Dara segera mengambil tas dan keluar dari kamarnya. Ia menuruni
tangga dan langsung menuju ruang makan menghampiri kakak iparnya yang
sedang menyiapkan sarapan untuk pamit.
“Kak Tania, aku berangkat dulu ya. Kak Alfa sudah menunggu di depan.” Katanya.
“kamu tidak sarapan dulu?” Tanya Tania.
“tidak, aku sudah kesiangan. Tolong pamitkan kepada kak Doni, ya.” jawab Dara yang langsung keluar.
“iya.” jawab Tania sambil menggeleng-gelengkan kepala.
Di luar, Alfa sudah menunggu Dara. Dara segera menghampirinya. Mereka
segera menuju sekolah mereka. Setiap pagi, Alfa selalu menjemput Dara.

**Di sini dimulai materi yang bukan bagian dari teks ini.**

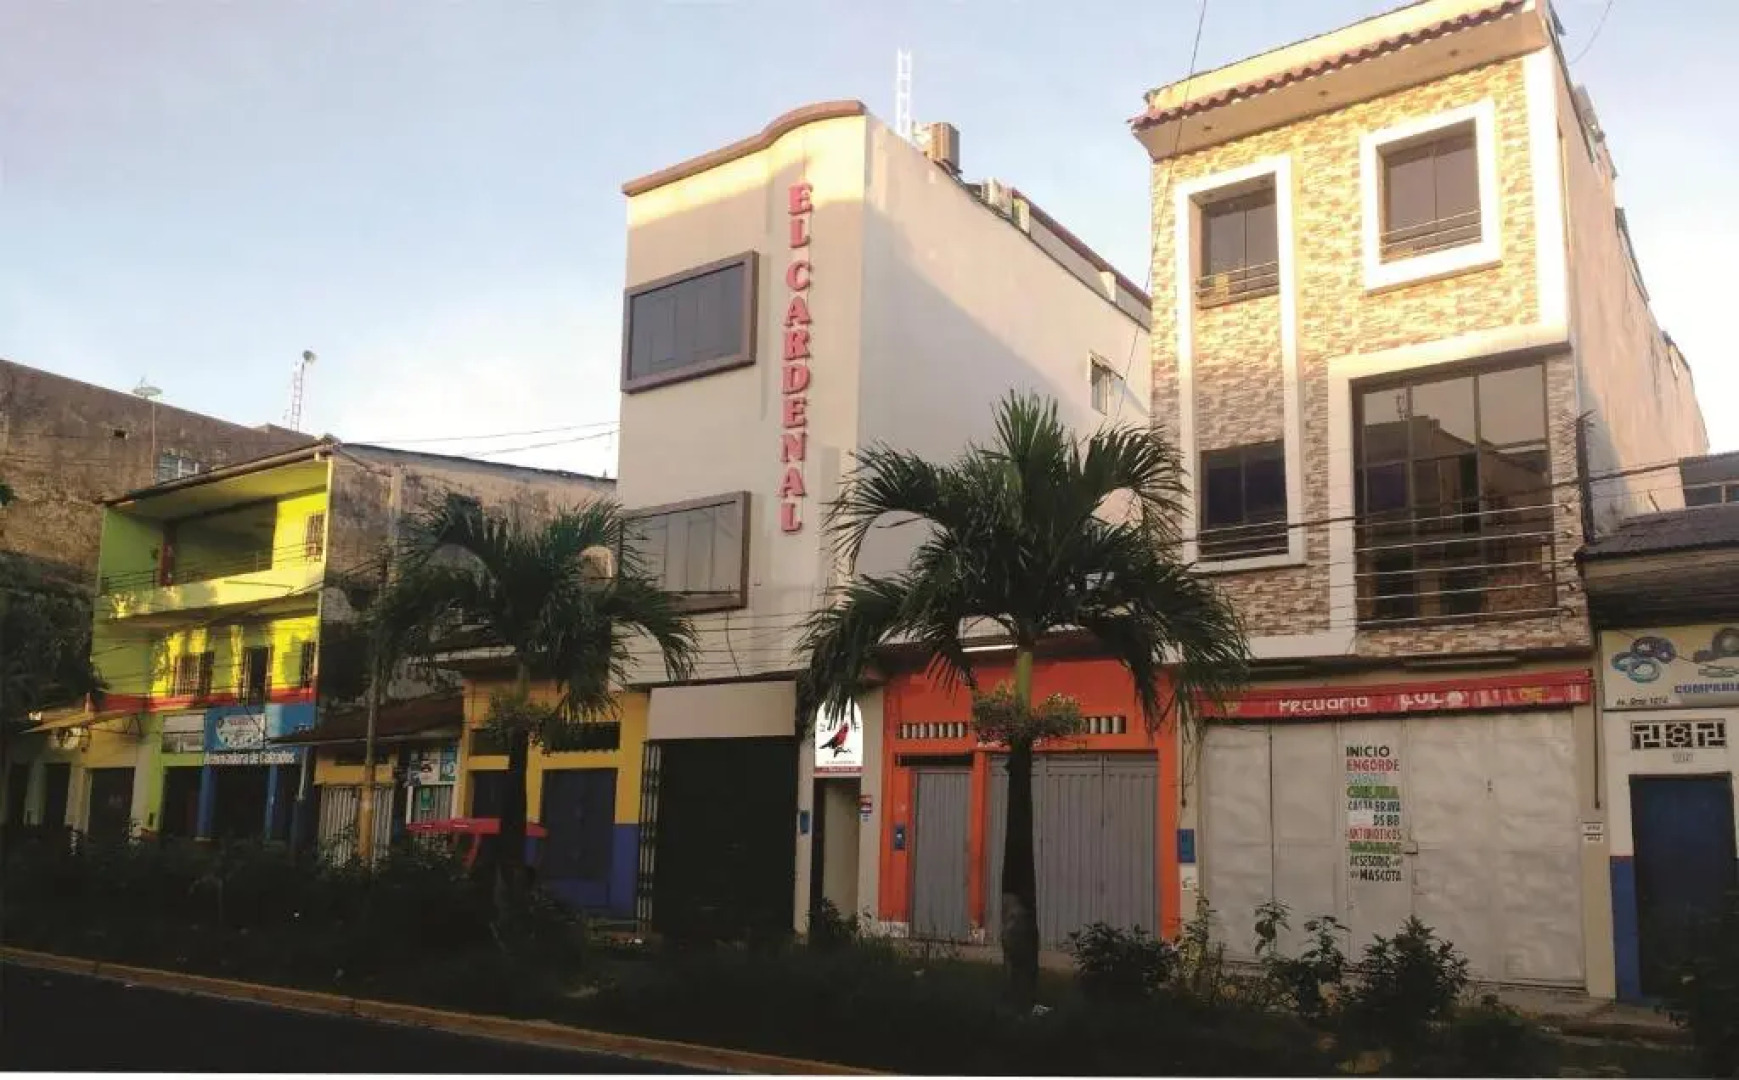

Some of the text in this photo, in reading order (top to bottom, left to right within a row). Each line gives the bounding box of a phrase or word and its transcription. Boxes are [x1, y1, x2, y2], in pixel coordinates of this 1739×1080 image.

Selain karena mereka satu sekolah, mereka juga sudah berpacaran selama
hampir satu tahun tepatnya sejak Alfa duduk di bangku kelas dua SMA,
sementara saat itu Dara masih kelas satu. Dara sangat mencintai pacarnya
itu bahkan sejak mereka masih kecil. Dulu, saat mereka masih sama-sama
tinggal di Semarang, rumah mereka berdekatan sehingga mereka selalu
bersama. Alfa selalu bersikap baik kepada Dara. Ia selalu melindungi dan
menghibur Dara saat Dara selalu diejek oleh teman-temannya karena ia
tak punya ayah. Ayah Dara pergi meninggalkan Ibu dan Doni, kakaknya saat
Dara masih berada di kandungan. Oleh karena itu Dara sering diejek dan
tak jarang Dara selalu menang. Sejak itu, Alfa jadi sangat berarti
baginya, bahkan lebih berarti dibanding seorang teman. Namun, saat Dara
kelas satu SMP, Alfa tiba-tiba pindah ke Jakarta tanpa memberitahunya
karena orangtuanya dipindah tugaskan kesana. Dara sangat sedih saat itu,
bahkan ia sampai menangis seharian di kamarnya.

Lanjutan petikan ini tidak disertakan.